**What the task requires**
Will you transcribe all the entries word for word, skipping the pictures they hold?

**Input records**
----------------------------------------
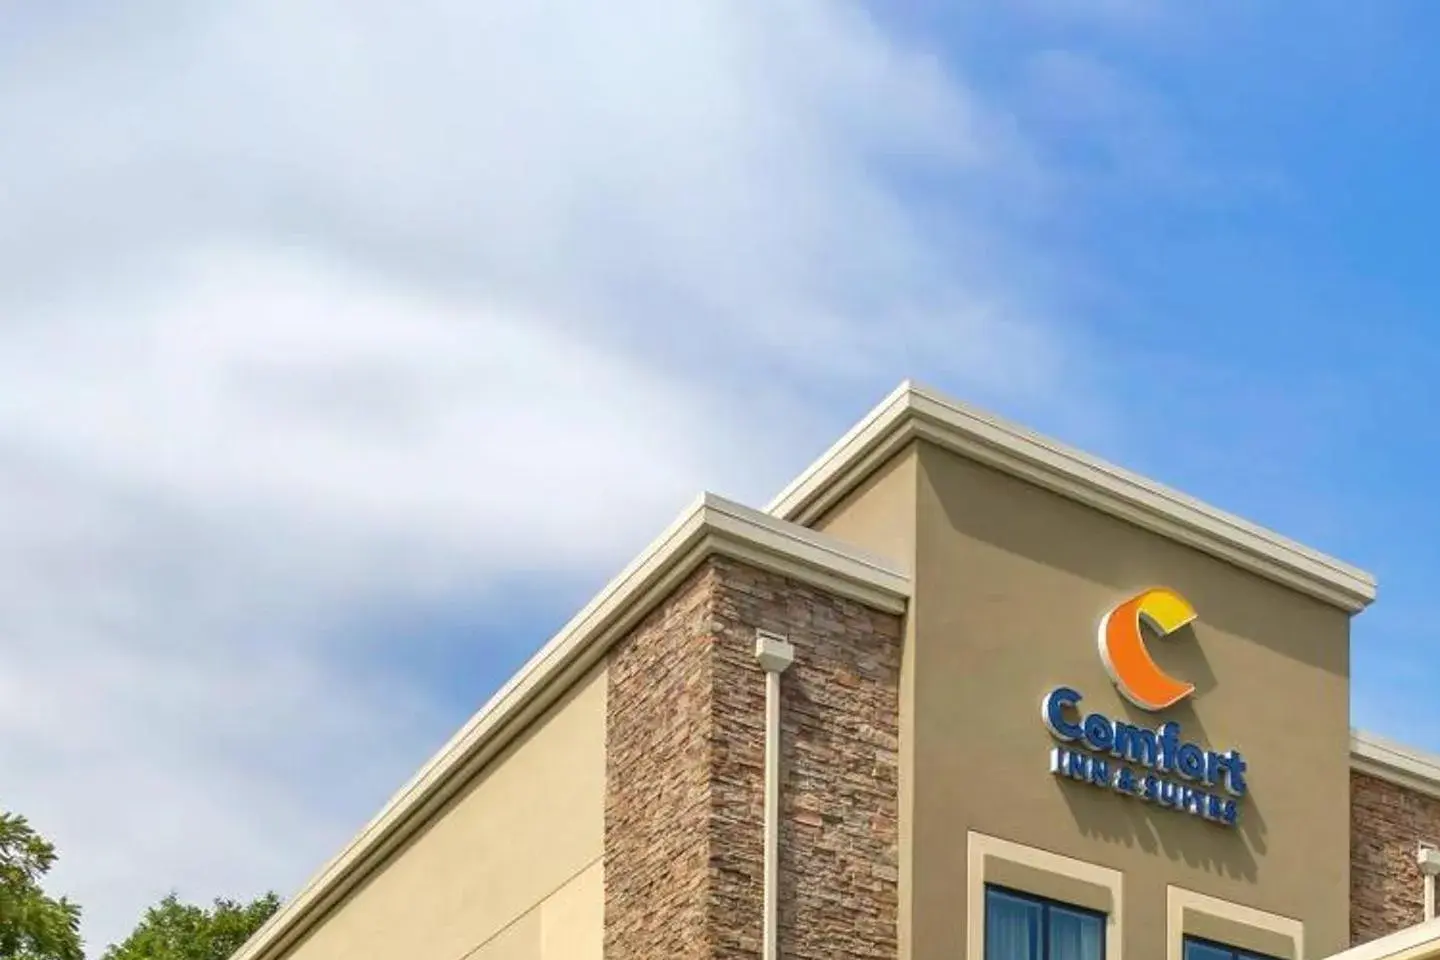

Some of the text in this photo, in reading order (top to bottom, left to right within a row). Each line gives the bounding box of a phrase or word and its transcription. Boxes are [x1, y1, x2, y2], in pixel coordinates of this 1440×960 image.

[1042, 686, 1246, 796] Comfort
[1050, 747, 1237, 825] INN & SUITES
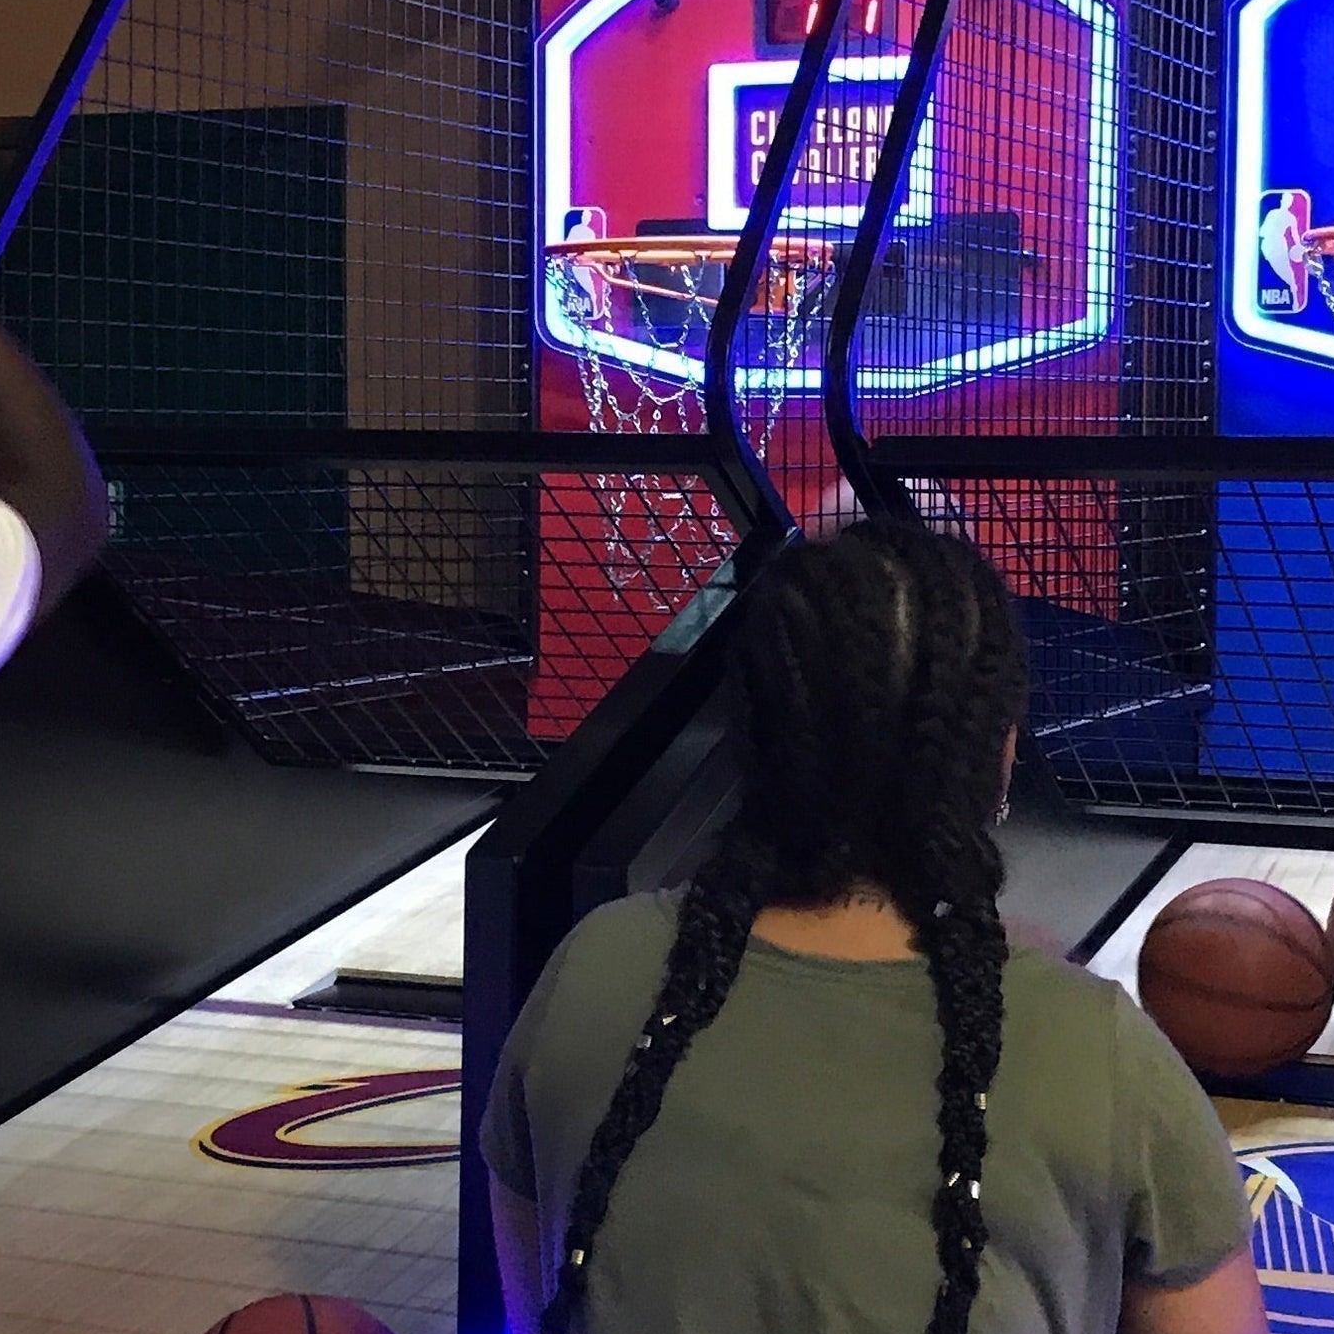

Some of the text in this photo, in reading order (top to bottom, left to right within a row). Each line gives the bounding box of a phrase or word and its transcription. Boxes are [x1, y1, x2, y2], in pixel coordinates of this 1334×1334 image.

[750, 104, 896, 146] CLELAN
[751, 145, 881, 186] CALIER
[1261, 288, 1291, 305] NBA
----------------------------------------
**Task result**
Some of the text in this photo, in reading order (top to bottom, left to right within a row). Each line gives the bounding box of a phrase or word and its transcription. Boxes are [x1, y1, x2, y2], in pixel coordinates of this 1440×960 image.

[1042, 686, 1246, 796] Comfort
[1050, 747, 1237, 825] INN & SUITES

Some of the text in this photo, in reading order (top to bottom, left to right within a row). Each line gives the bounding box of a phrase or word and its transcription. Boxes are [x1, y1, x2, y2], in pixel coordinates of this 1334×1334 image.

[750, 104, 896, 146] CLELAN
[751, 145, 881, 186] CALIER
[1261, 288, 1291, 305] NBA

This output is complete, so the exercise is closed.